How can you become more optimistic? Whenever the worst happens, strive to focus on the positives. It may not be easy but it’s quite doable. Ask yourself the unnatural, counter-intuitive question: “What’s good about it?” Look forward to what the future might hold, not backwards with regret. There are always valuable lessons to be learned if we take the time to find them. (In some of my courses, I call this Reversing Your Point of View.) Cultivate a sense of humour that enables you to make light of your mistakes rather than succumbing to the darkness and bitterness of failure.

More than anything else in our makeup, humour enables us to rise above hardship. It triggers perspective and energizes endorphins (our feel-good chemicals) that override negative thinking. It broadens our experiential frames and fosters flexibility of mind and exploration. It enables us to zero in on the real meaning of our behaviour, to call it into question and point us toward contemplating better choices. It helps us face our fears without denying them. It reduces inner tension, diminishes depression and alleviates the discomfort we feel about our errors.

The resilient are lifelong learners, continually seeking ways to strengthen their mental acuity to recognize and seize opportunities when they arise. This enables them to be flexible in how they think about and respond to challenges. Whether in children, survivors of family breakups or businesses that come back from the brink, an increasing body of evidence shows how resilience is acquired. They use their emotions to fuel courage rather than despair, shift their focus from one coping strategy to another and diligently search for the life-altering insights to be found in adversity.

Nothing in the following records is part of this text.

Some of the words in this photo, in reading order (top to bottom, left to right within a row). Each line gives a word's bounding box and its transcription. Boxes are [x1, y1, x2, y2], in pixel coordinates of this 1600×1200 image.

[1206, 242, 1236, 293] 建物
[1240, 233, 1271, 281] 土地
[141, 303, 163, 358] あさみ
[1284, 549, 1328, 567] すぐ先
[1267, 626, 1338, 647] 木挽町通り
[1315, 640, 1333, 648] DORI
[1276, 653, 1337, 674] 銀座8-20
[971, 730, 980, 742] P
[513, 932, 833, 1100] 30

Resilience is a skill, like just about everything else in life that makes a difference. The ability to distinguish reality from fantasy is closely linked to the capacity to find the lessons that lie within terrible events. Some, under duress, throw up their hands and cry, “Why did this happen to me?” They see themselves as unjustifiably wronged. The resilient know their suffering is unfortunate but a necessary avenue to finding new meanings for themselves and their significant others. They know everything can be worse. They don’t say, “Why me?”  They say, “Why not me?”  The resilient use their mishaps as mortar for building the bridges that make the present manageable and the future possible.

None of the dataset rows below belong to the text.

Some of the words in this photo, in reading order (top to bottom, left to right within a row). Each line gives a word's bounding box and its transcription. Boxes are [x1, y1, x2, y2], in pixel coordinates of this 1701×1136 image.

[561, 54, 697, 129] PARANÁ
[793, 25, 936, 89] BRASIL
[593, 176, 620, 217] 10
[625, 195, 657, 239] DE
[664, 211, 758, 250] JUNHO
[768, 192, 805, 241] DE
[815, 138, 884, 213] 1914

The resilient have an uncanny ability to improvise. They make do with whatever is at hand, to find feasible and occasionally brilliant solutions without the obvious tools or resources. Some call this inventiveness or tinkering – the talent to muddle through, morph challenges into workable solutions and imagine creative alternatives and possibilities. I call it pragmatism: having the smarts and grit to prevail when others are confounded, disenchanted and defeated.

If change is the constant of life, why not use it to change for the better? Accept the inevitability of failure, no matter how frustrating or painful. Don’t be a victim – let go of the past and live for a more exciting future. Don’t fight battles you can’t win. Avoidance and denial stifle growth. Recalibrate: set new goals, then act on them. Frame your misfortune in personally understandable ways that focus on new beginnings. Bravely acknowledge the obstacles we all face in an increasingly troubling world. View setbacks as a wake-up call to action. Then engage in problem-solving.

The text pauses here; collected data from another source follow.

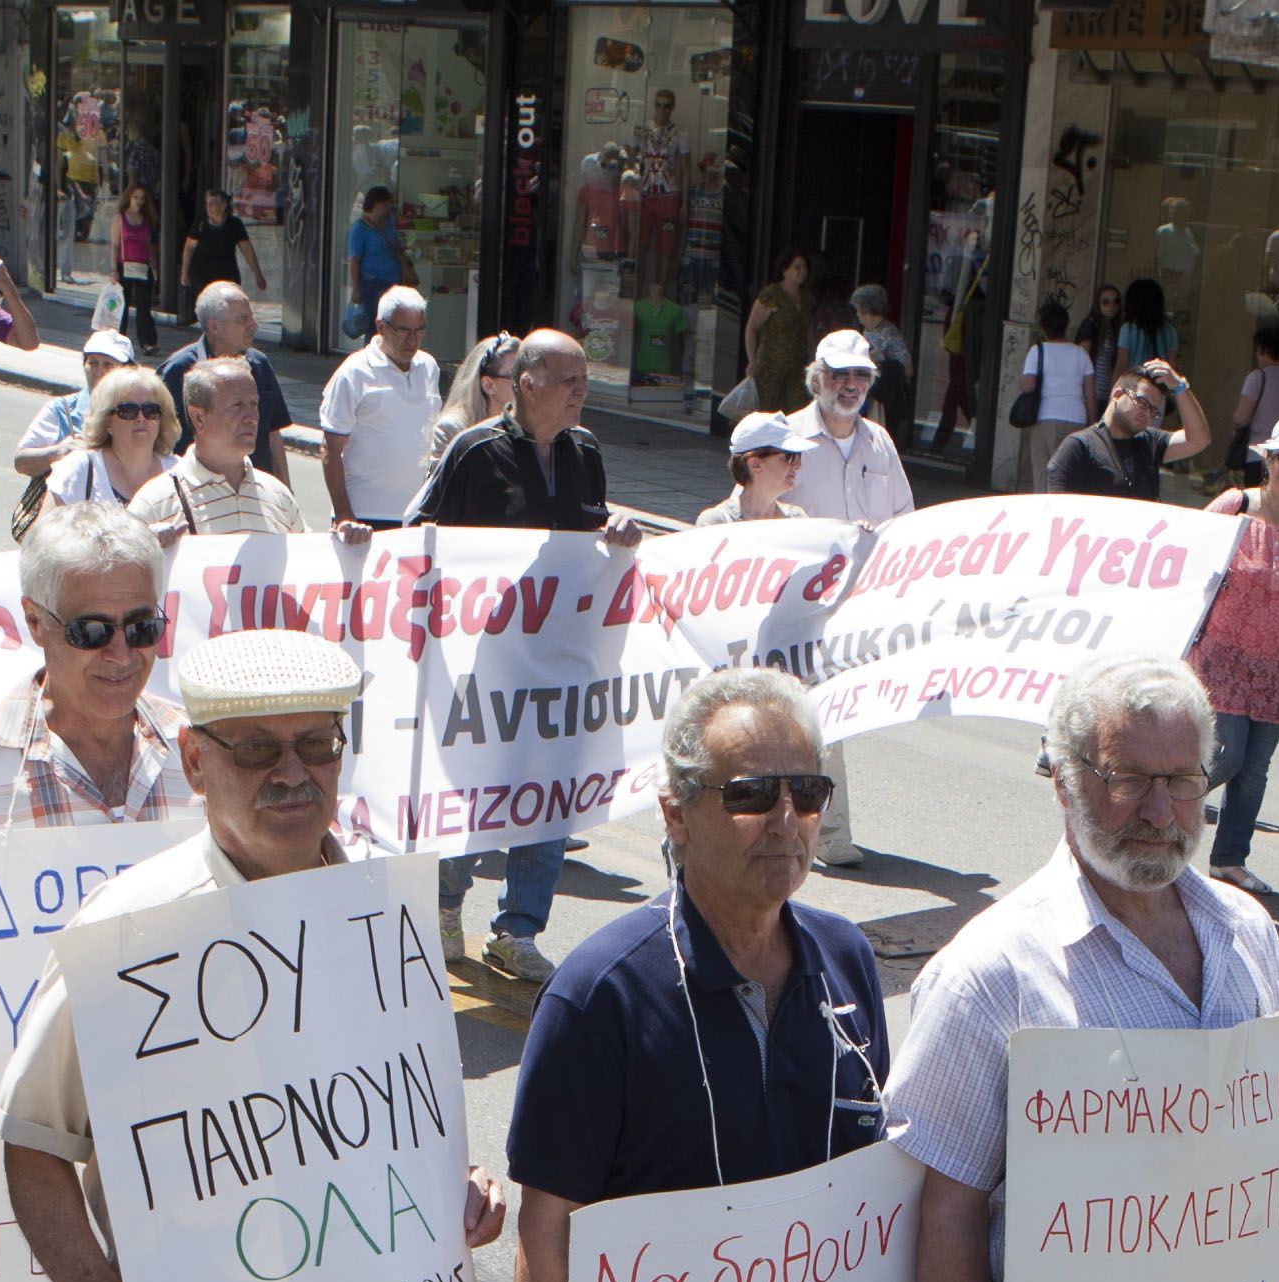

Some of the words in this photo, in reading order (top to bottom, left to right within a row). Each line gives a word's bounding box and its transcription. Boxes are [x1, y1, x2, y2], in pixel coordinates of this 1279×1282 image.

[516, 93, 536, 147] out
[202, 549, 559, 663] Συντάξεων
[851, 511, 1028, 599] Δωρεάν
[1040, 516, 1187, 597] Υγεία
[917, 665, 1068, 704] ΕΝΟΤΗ
[397, 767, 630, 842] ΜΕΙΖΟΝΟΣ
[117, 918, 308, 1061] ΣΟΥ
[347, 903, 446, 1014] ΤΑ
[130, 1041, 447, 1213] ΠΑΙΡΝΟΥΝ
[235, 1163, 439, 1282] ΟΛΑ

Acceptance of our misfortune is not giving up. It’s the genesis of a realistic appraisal of our problems and a stimulus for pragmatic decision making. Adversity keeps our ego in check and builds a tougher skin. It’s never about the falling down; it’s figuring out how to get up and move on. The resilient are survivors – they endure their hardships and grow from the experience. They face their daunting circumstances with a healthy perspective and robust staunchness. They find meaning in failure. And they improvise personally relevant solutions almost from thin air.